• [Action item]: Everything in the entries except the pictures should be repeated exactly.

• [Input material]:
'''
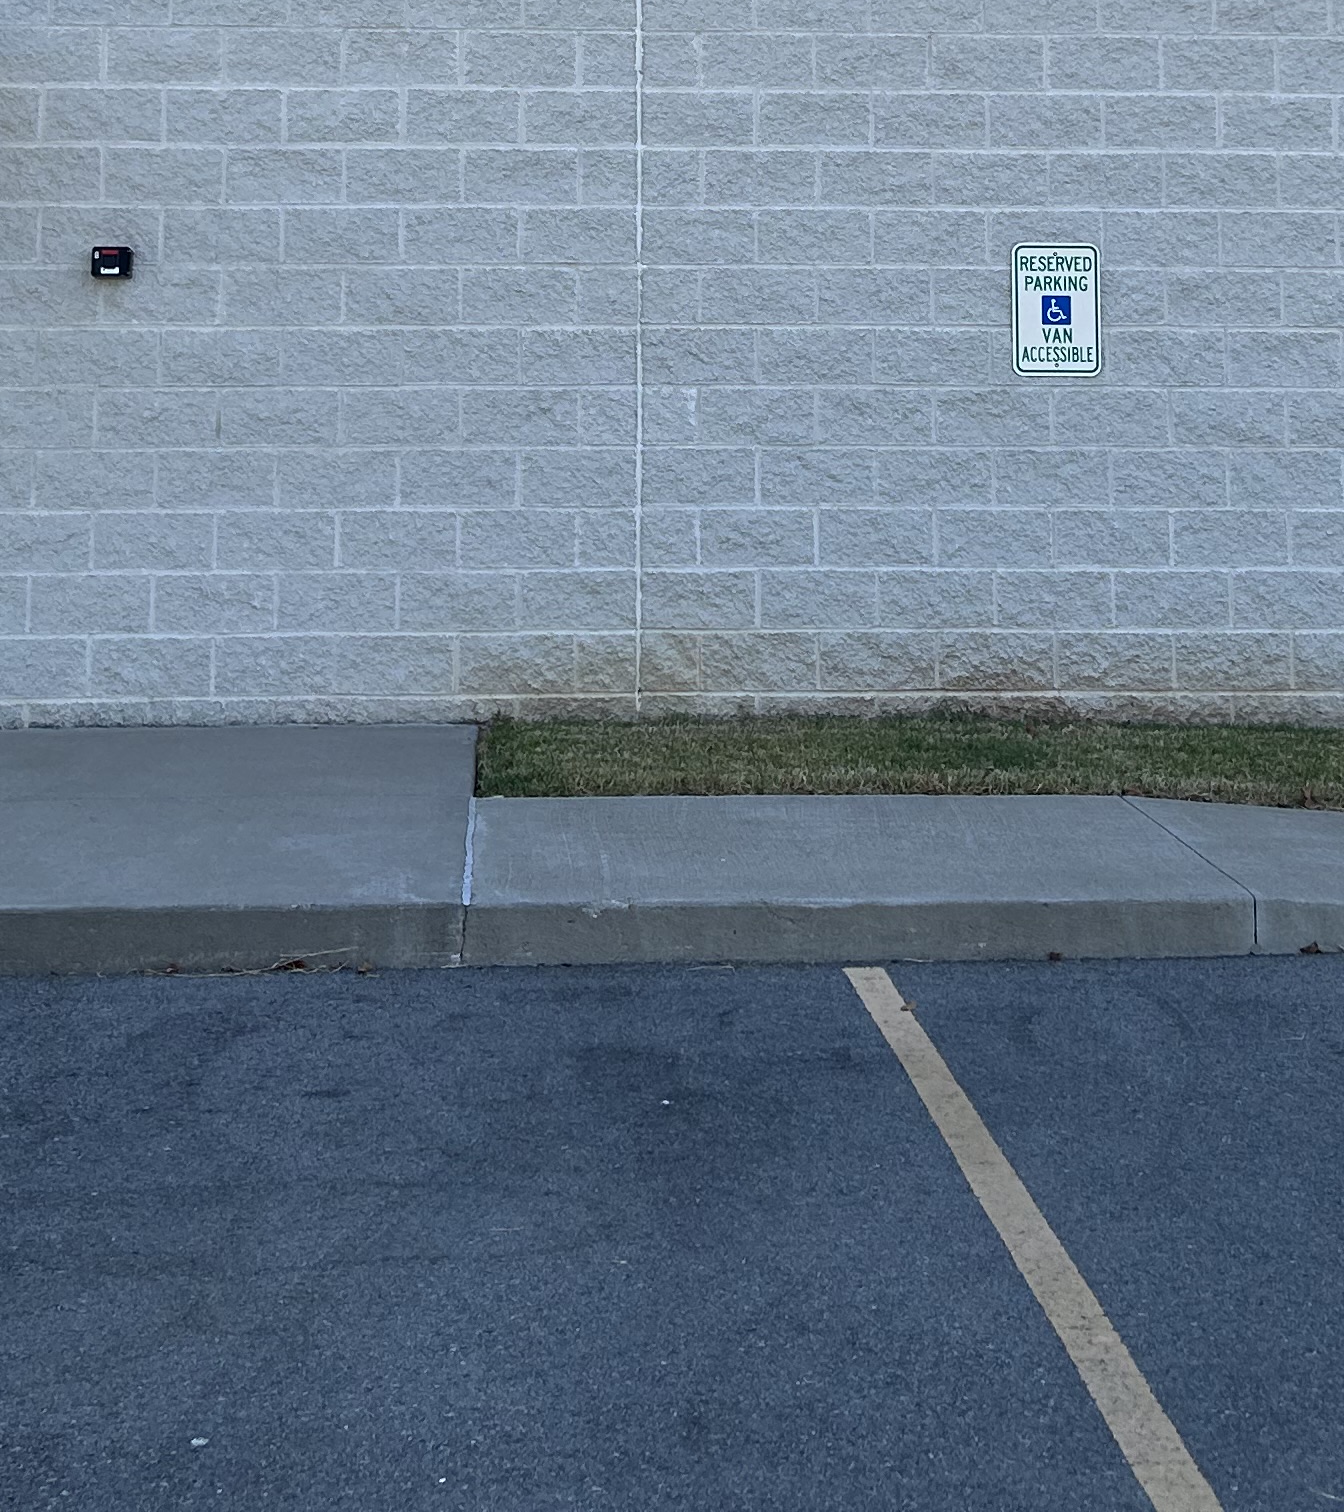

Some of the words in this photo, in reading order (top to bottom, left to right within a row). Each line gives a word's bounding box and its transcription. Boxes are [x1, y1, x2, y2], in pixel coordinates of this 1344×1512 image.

[1019, 255, 1093, 272] RESERVED
[1024, 275, 1089, 292] PARKING
[1042, 327, 1073, 344] VAN
[1021, 346, 1094, 363] ACCESSIBLE
'''
• [Answer area]:
Some of the words in this photo, in reading order (top to bottom, left to right within a row). Each line gives a word's bounding box and its transcription. Boxes are [x1, y1, x2, y2], in pixel coordinates of this 1344×1512 image.

[1019, 255, 1093, 272] RESERVED
[1024, 275, 1089, 292] PARKING
[1042, 327, 1073, 344] VAN
[1021, 346, 1094, 363] ACCESSIBLE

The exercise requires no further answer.